→ Work required
Nothing except the pictures should be left out when you reproduce the listing exactly.

═════ Data

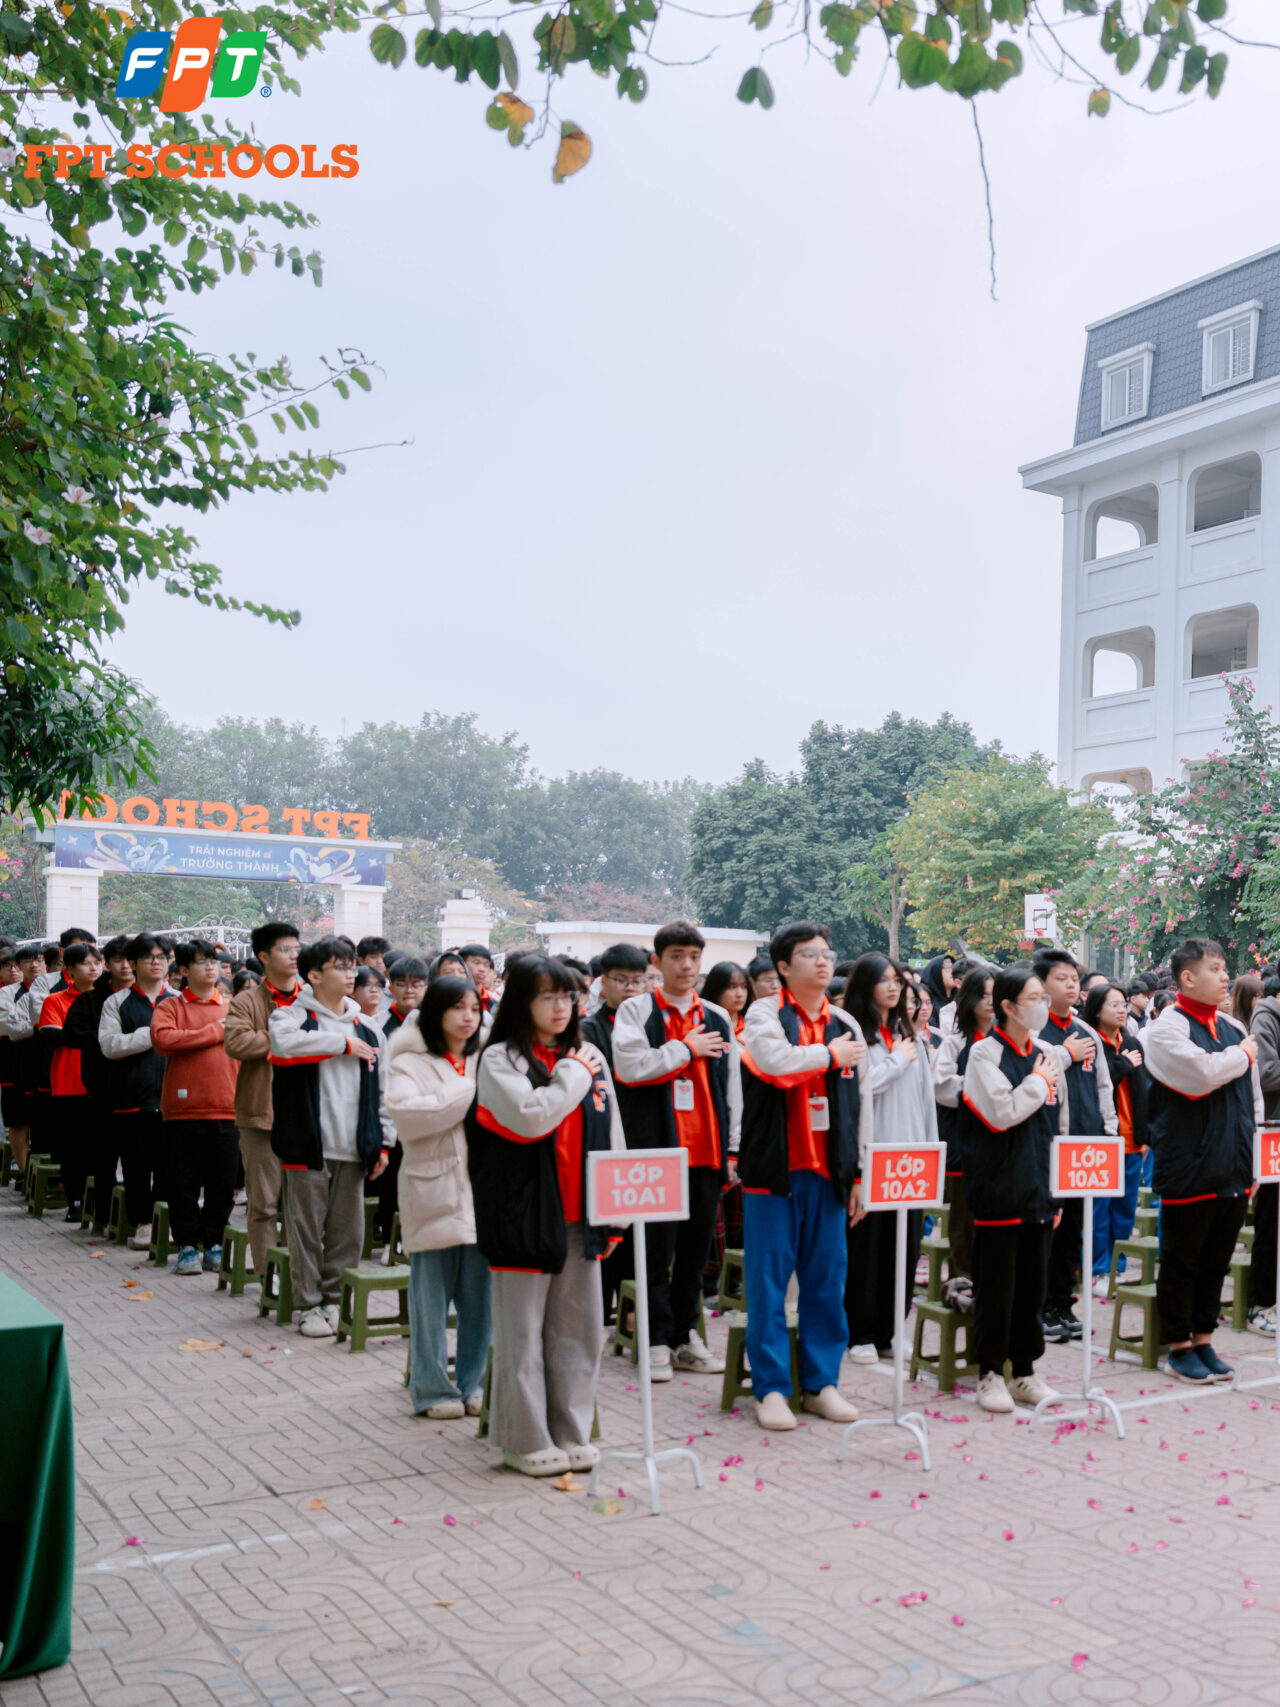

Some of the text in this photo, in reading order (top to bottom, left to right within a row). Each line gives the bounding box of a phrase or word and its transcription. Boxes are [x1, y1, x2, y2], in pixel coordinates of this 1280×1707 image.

[885, 1154, 926, 1179] LỚP
[1071, 1145, 1108, 1168] LỚP
[613, 1163, 664, 1186] LỚP
[1067, 1169, 1110, 1188] 10A3
[611, 1186, 665, 1207] 10A1
[880, 1179, 927, 1199] 10A2
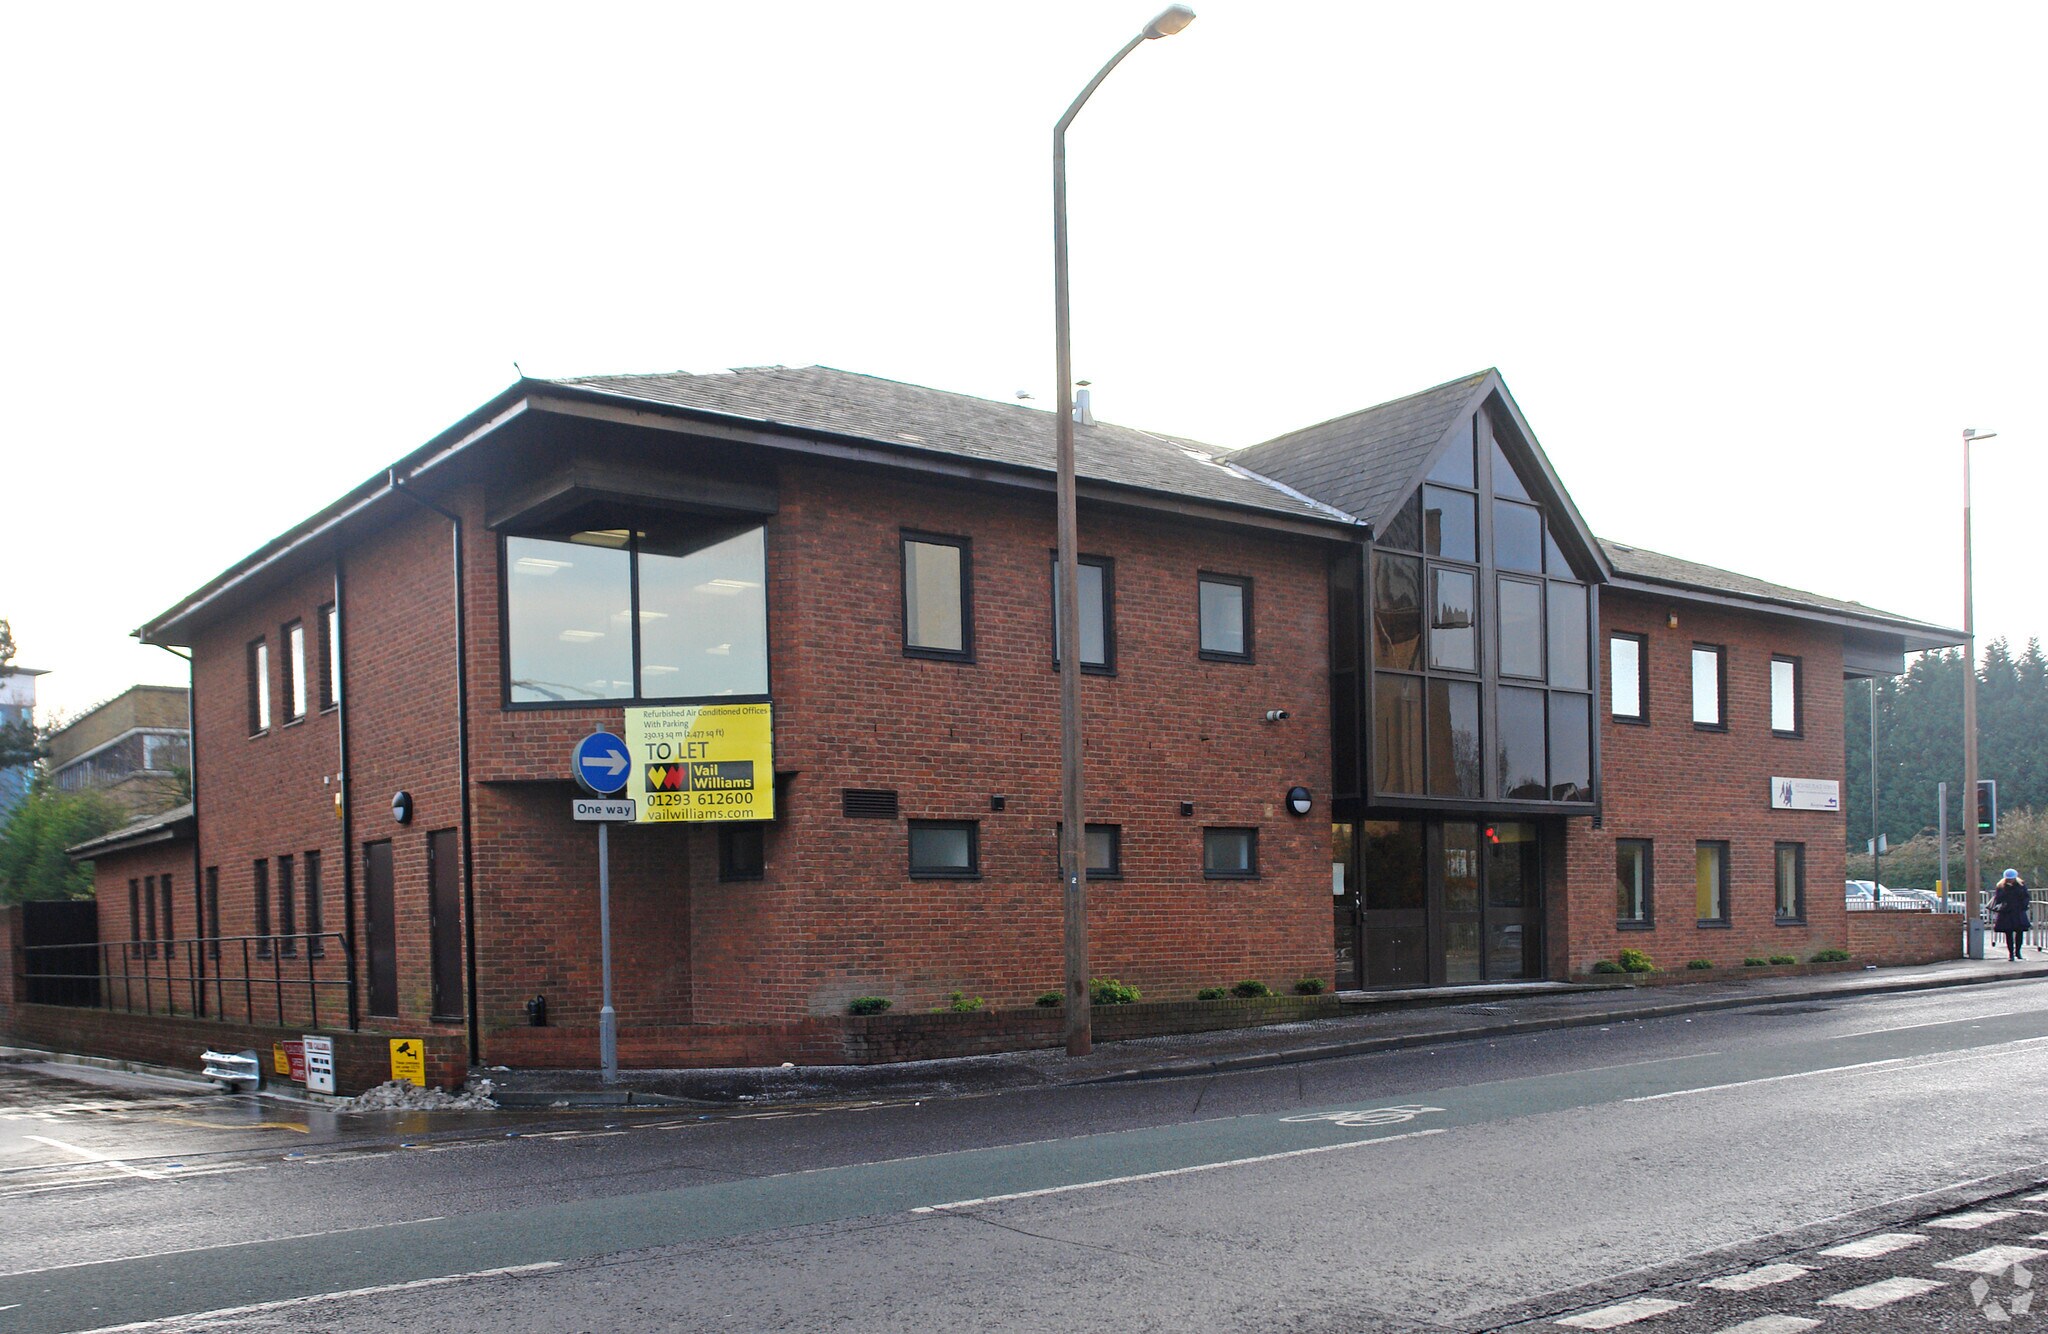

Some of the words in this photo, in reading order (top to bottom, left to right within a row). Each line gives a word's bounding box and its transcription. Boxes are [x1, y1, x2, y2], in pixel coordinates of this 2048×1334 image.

[643, 710, 685, 718] Refurbished
[686, 709, 697, 717] Air
[698, 708, 741, 717] Conditioned
[742, 707, 768, 715] Offices
[643, 720, 661, 728] With
[662, 720, 689, 729] Parking
[706, 730, 714, 738] sq
[715, 728, 725, 737] ft)
[645, 742, 672, 760] TO
[678, 741, 709, 759] LET
[693, 763, 718, 777] Vail
[693, 776, 752, 789] Williams
[647, 794, 690, 807] 01293
[697, 792, 753, 805] 612600
[577, 803, 602, 814] One
[605, 806, 631, 817] way
[647, 808, 754, 820] vailwilliams.com

══════════

→ Solved exercise
Some of the text in this photo, in reading order (top to bottom, left to right within a row). Each line gives the bounding box of a phrase or word and its transcription. Boxes are [x1, y1, x2, y2], in pixel coordinates of this 1280×1707 image.

[885, 1154, 926, 1179] LỚP
[1071, 1145, 1108, 1168] LỚP
[613, 1163, 664, 1186] LỚP
[1067, 1169, 1110, 1188] 10A3
[611, 1186, 665, 1207] 10A1
[880, 1179, 927, 1199] 10A2

Some of the words in this photo, in reading order (top to bottom, left to right within a row). Each line gives a word's bounding box and its transcription. Boxes are [x1, y1, x2, y2], in pixel coordinates of this 2048×1334 image.

[643, 710, 685, 718] Refurbished
[686, 709, 697, 717] Air
[698, 708, 741, 717] Conditioned
[742, 707, 768, 715] Offices
[643, 720, 661, 728] With
[662, 720, 689, 729] Parking
[706, 730, 714, 738] sq
[715, 728, 725, 737] ft)
[645, 742, 672, 760] TO
[678, 741, 709, 759] LET
[693, 763, 718, 777] Vail
[693, 776, 752, 789] Williams
[647, 794, 690, 807] 01293
[697, 792, 753, 805] 612600
[577, 803, 602, 814] One
[605, 806, 631, 817] way
[647, 808, 754, 820] vailwilliams.com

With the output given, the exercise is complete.